在自然条件下,很多质粒都可通过细菌接合作用转移到新的宿主内,但在人工构建的质粒载体中,一般缺乏此种转移所必需的mob基因,因此不能自行完成从一个细胞到另一个细胞的接合转移。如需将质粒载体转移进受体细菌，需诱导受体细菌产生一种短暂的感受态以摄取外源DNA。

转化(Transformation)是将外源DNA分子引入受体细胞,使之获得新的遗传性状的一种手段,它是微生物遗传、分子遗传、基因工程等研究领域的基本实验技术。

为了提高转化效率,实验中要考虑以下几个重要因素：

1.细胞生长状态和密度:不要用经过多次转接或储于４℃的培养菌，最好从－70℃或-20℃甘油保存的菌种中直接转接用于制备感受态细胞的菌液。细胞生长密度以刚进入对数生长期时为好，可通过监测培养液的OD600来控制。DH5α菌株的OD600为0.5时,细胞密度在5×107个/ml左右(不同的菌株情况有所不同),这时比较合适。密度过高或不足均会影响转化效率。
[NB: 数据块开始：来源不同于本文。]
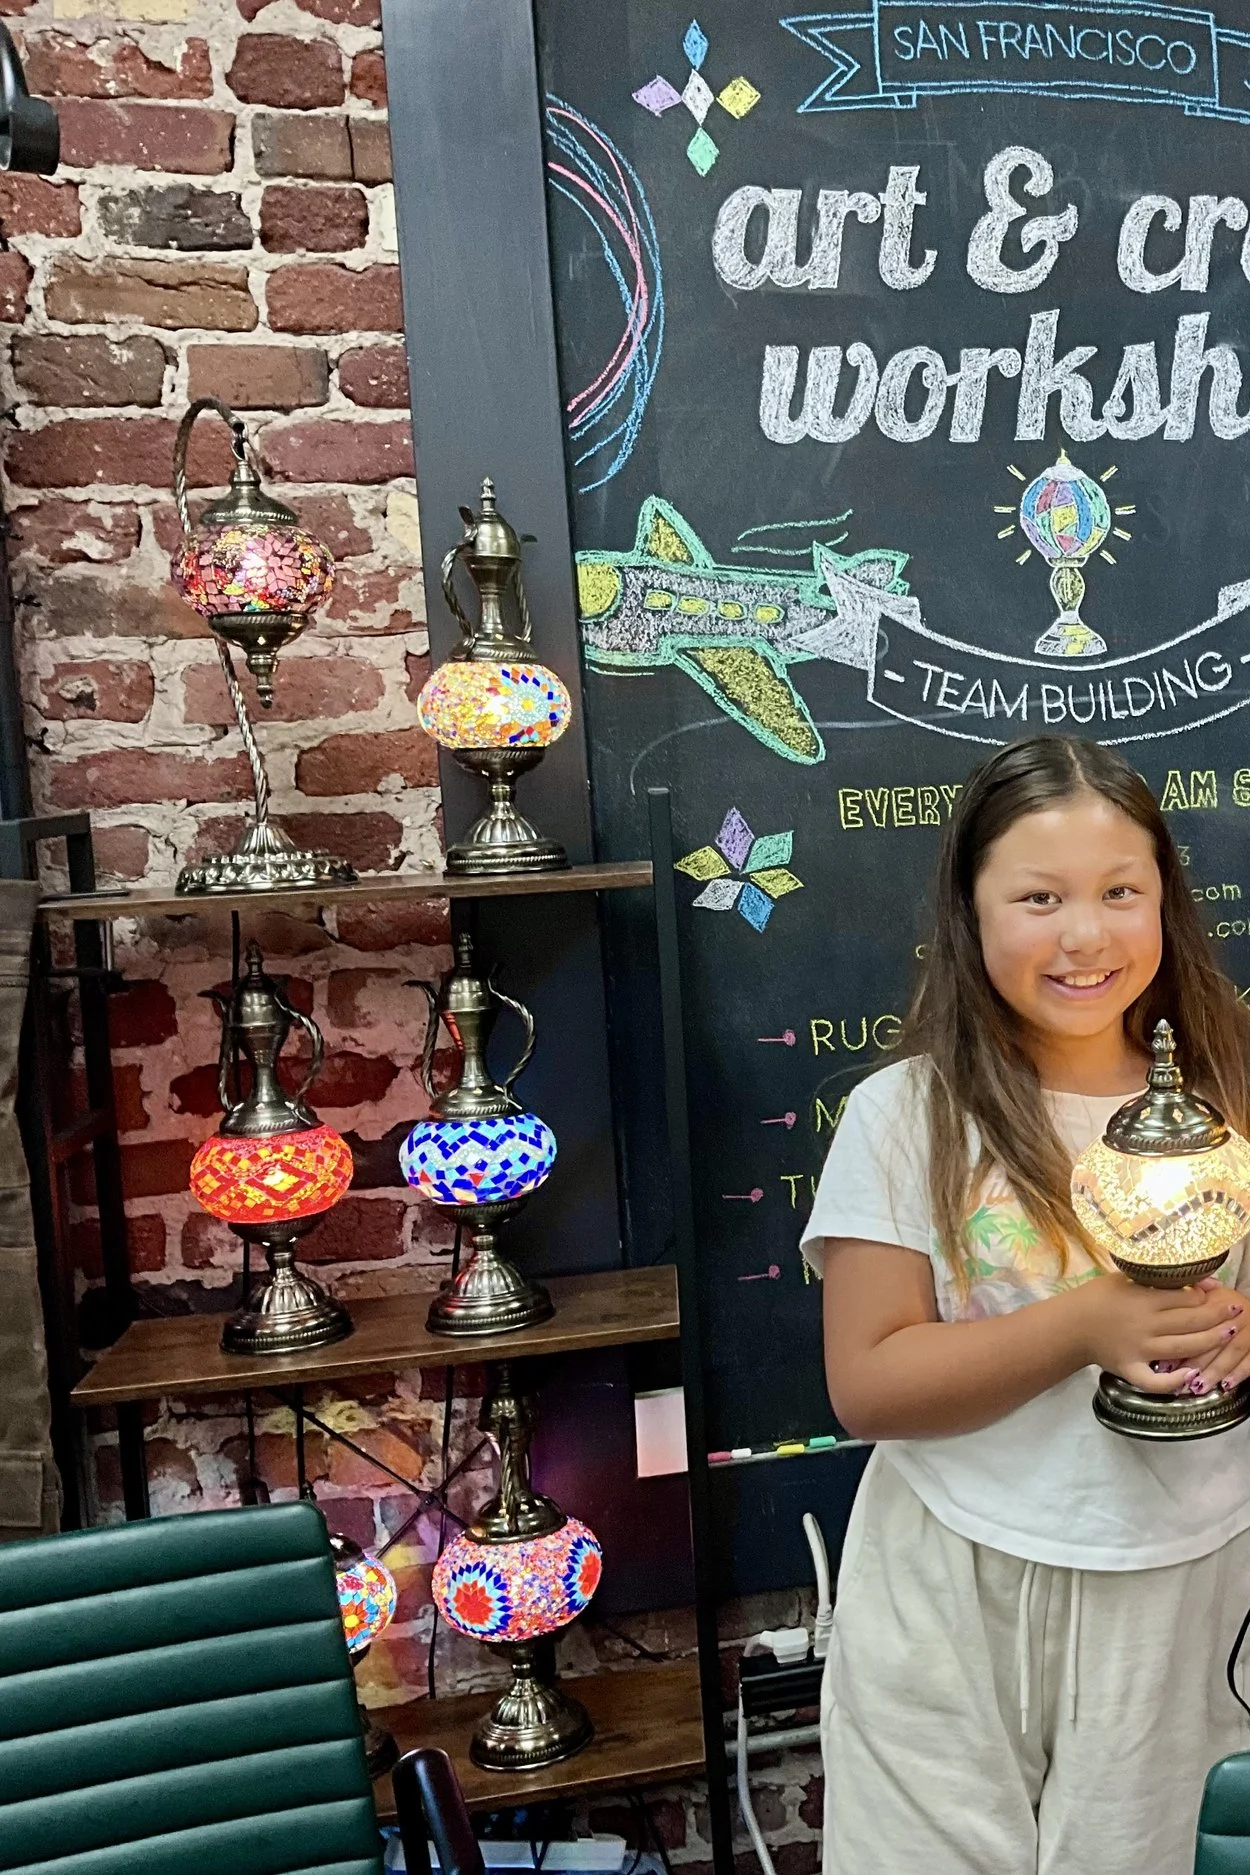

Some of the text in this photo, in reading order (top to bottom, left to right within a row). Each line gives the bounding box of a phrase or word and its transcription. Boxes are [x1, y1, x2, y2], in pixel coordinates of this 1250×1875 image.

[893, 19, 1197, 75] SAN FRANCISCO
[712, 164, 938, 291] art
[966, 145, 1079, 294] &
[1160, 770, 1218, 811] AM
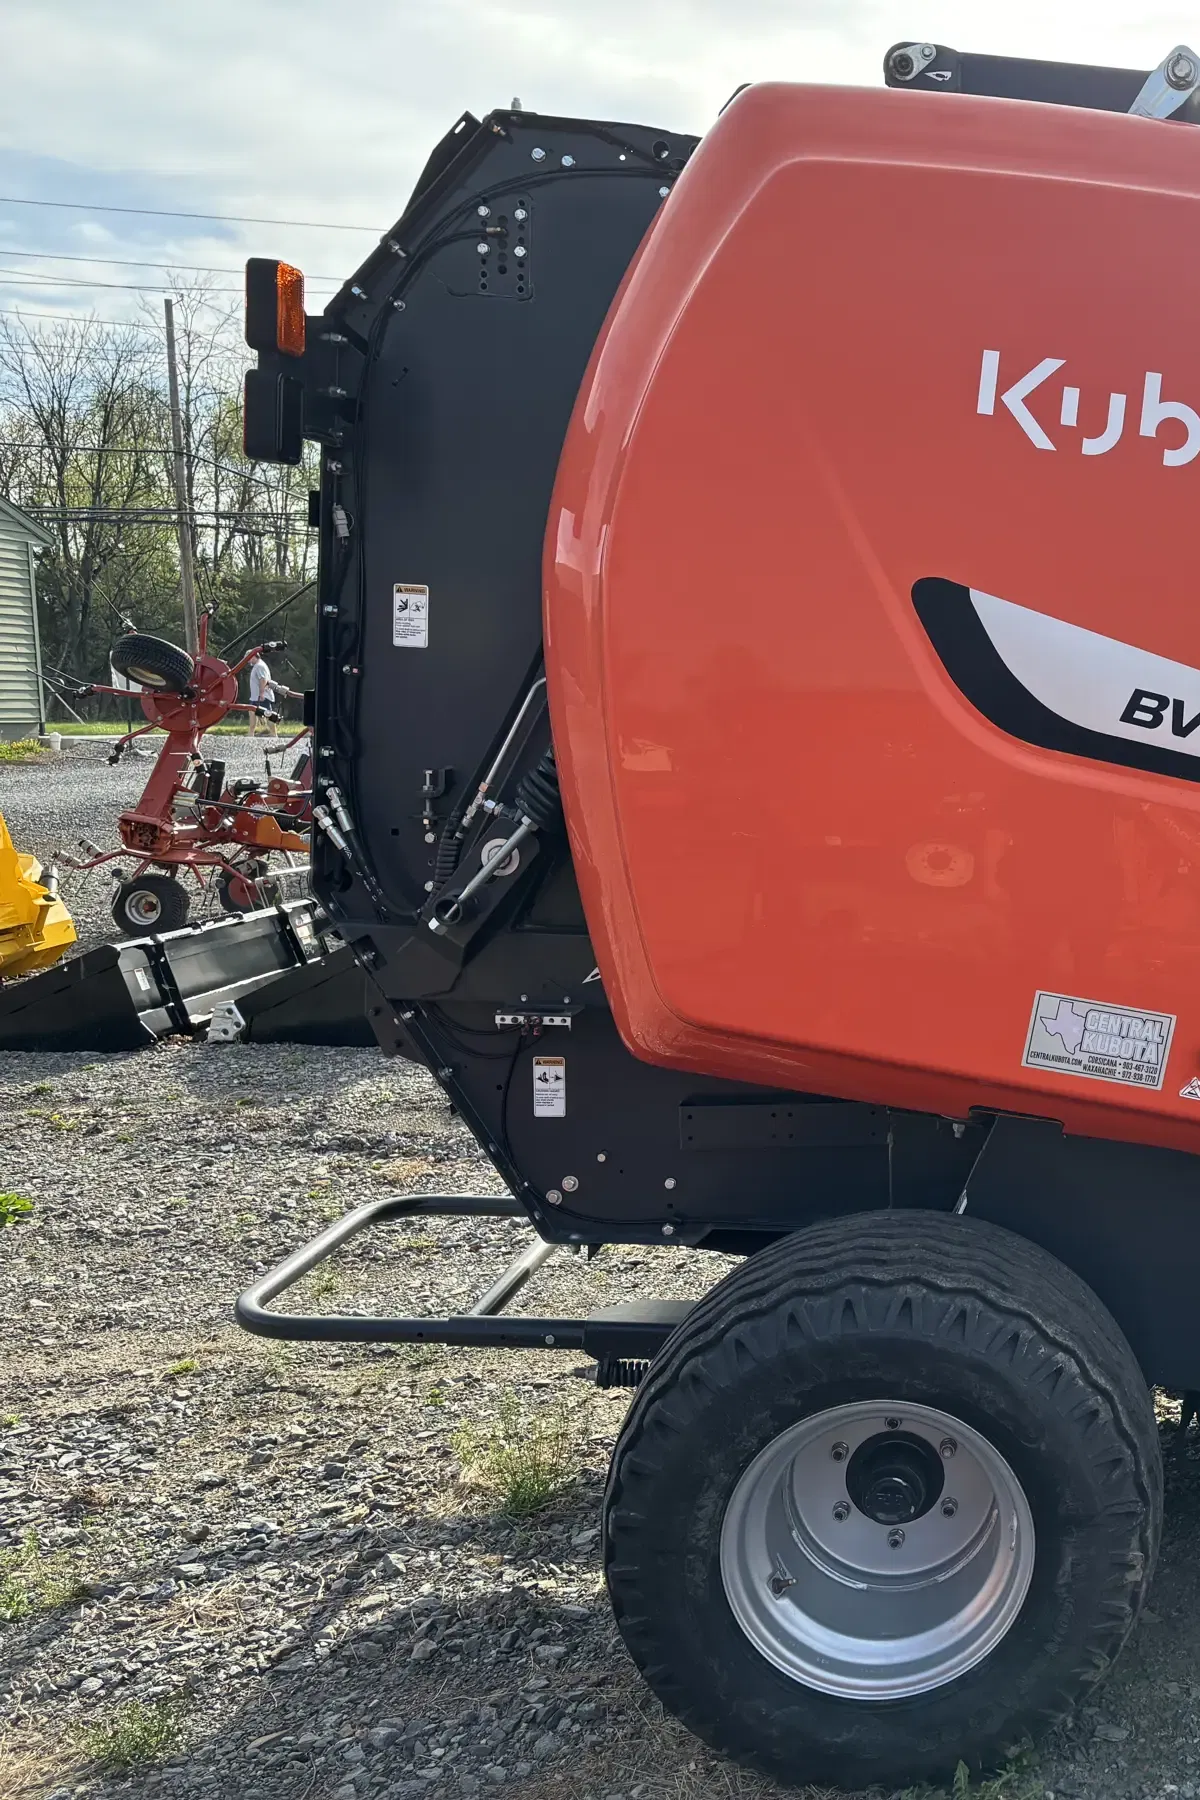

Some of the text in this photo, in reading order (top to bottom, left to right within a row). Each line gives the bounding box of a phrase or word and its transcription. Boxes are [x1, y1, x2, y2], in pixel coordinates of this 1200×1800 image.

[1086, 1010, 1163, 1043] CENTRAL
[1081, 1031, 1158, 1064] KUBOTA
[1029, 1051, 1083, 1067] CENTRALKUBOTA.COM
[1087, 1055, 1118, 1068] CORSICANA
[1082, 1063, 1117, 1077] WAXAHACHIE
2.质粒的质量和浓度:用于转化的质粒DNA应主要是超螺旋态DNA(cccDNA)。转化效率与外源DNA的浓度在一定范围内成正比,但当加入的外源DNA的量过多或体积过大时,转化效率就会降低。1ng的cccDNA即可使50μl的感受态细胞达到饱和。一般情况下,DNA溶液的体积不应超过感受态细胞体积的5％。

3.试剂的质量:所用的试剂,如CaCl2等均需是最高纯度的(GR.或AR.),并用超纯水配制,最好分装保存于干燥的冷暗处。

4.防止杂菌和杂DNA的污染：整个操作过程均应在无菌条件下进行,所用器皿,如离心管,tip头等最好是新的,并经高压灭菌处理,所有的试剂都要灭菌,且注意防止被其它试剂、DNA酶或杂DNA所污染,否则均会影响转化效率或杂DNA的转入,为以后的筛选、鉴定带来不必要的麻烦。

本实验以E.coliJM109菌株为受体细胞,并用CaCl2处理,使其处于感受态,然后与pBS质粒共保温,实现转化。由于pBS质粒带有氨苄青霉素抗性基因(Ampr)，可通过Amp抗性来筛选转化子。如受体细胞没有转入pBS，则在含Amp的培养基上不能生长。能在Amp培养基上生长的受体细胞（转化子）肯定已导入了pBS。转化子扩增后，可将转化的质粒提取出，进行电泳、酶切等进一步鉴定。

二、材料、设备及试剂

1.材料：E.coliJM109:Rˉ,Mˉ,Ampˉ；pQBI63质粒DNA；eppendorf管；冰块

2.设备：摇床培养箱、离心机、酒精灯、低温冰箱、恒温水浴锅、制冰机、分光光度计、移液枪。

3.试剂：

1.LB固体和液体培养基

2.Amp（50mg/ml）

3.0.05mol/LCaCl2溶液

4.质粒DNA

5.2ml离心管

6.涂布棒、枪盒、培养皿

三、步骤

1、受体菌的培养：从LB平板上挑取新活化的E.coli单菌落,接种于5mlLB液体培养基中,37℃培养12小时至对数生长后期。以2%的比例接种于50mlLB液体培养基中,37℃振荡培养2小时至OD600＝0.3-0.4，移至2ml的无菌离心管中。（实验已经备好）

2、感受态细胞的制备(CaCl2法)

1）将2ml装有培养液的离心管，冰上放置10分钟，然后于4℃下4000rpm离心10分钟。

2）弃上清,用预冷的0.05MCaCl21.2ml轻轻悬浮细胞,冰上放置15min，4℃下4000r离心10min。

3）弃上清,加入200ul预冷的CaCl2,轻轻悬浮细胞，冰上放置几分钟，即成感受态细胞悬液，直

接用于转化实验。（暂时不用的感受态细胞贮存于-70℃可保存半年。）

转化

从-70℃冰箱中取200μl感受态细胞悬液,室温下使其解冻,解冻后立即置冰上。

加入质粒DNA溶液(含量不超过50ng，体积不超过10μl)5ul，轻轻摇匀，冰上放置30分钟。

42℃水浴中热击90秒，热击后迅速置于冰上冷却5min。

向管中加入1mlLB液体培养基(不含Amp)，混匀后37℃振荡培养1小时，使细菌恢复正常生长状态，并表达质粒编码的抗生素抗性基因(Ampr)。

4℃下4000r离心10min，弃上清800ul后轻混，取菌液100μl涂布于含Amp的筛选平板（LB+）上，正面向上放置半小时，待菌液完全被培养基吸收后倒置培养皿，37℃培养16小时。

对照组1:以同体积的无菌双蒸水代替DNA溶液,其它操作与上面相同。此组正常情况下在含抗生素的LB平板上应没有菌落出现。

对照组2:以同体积的无菌双蒸水代替DN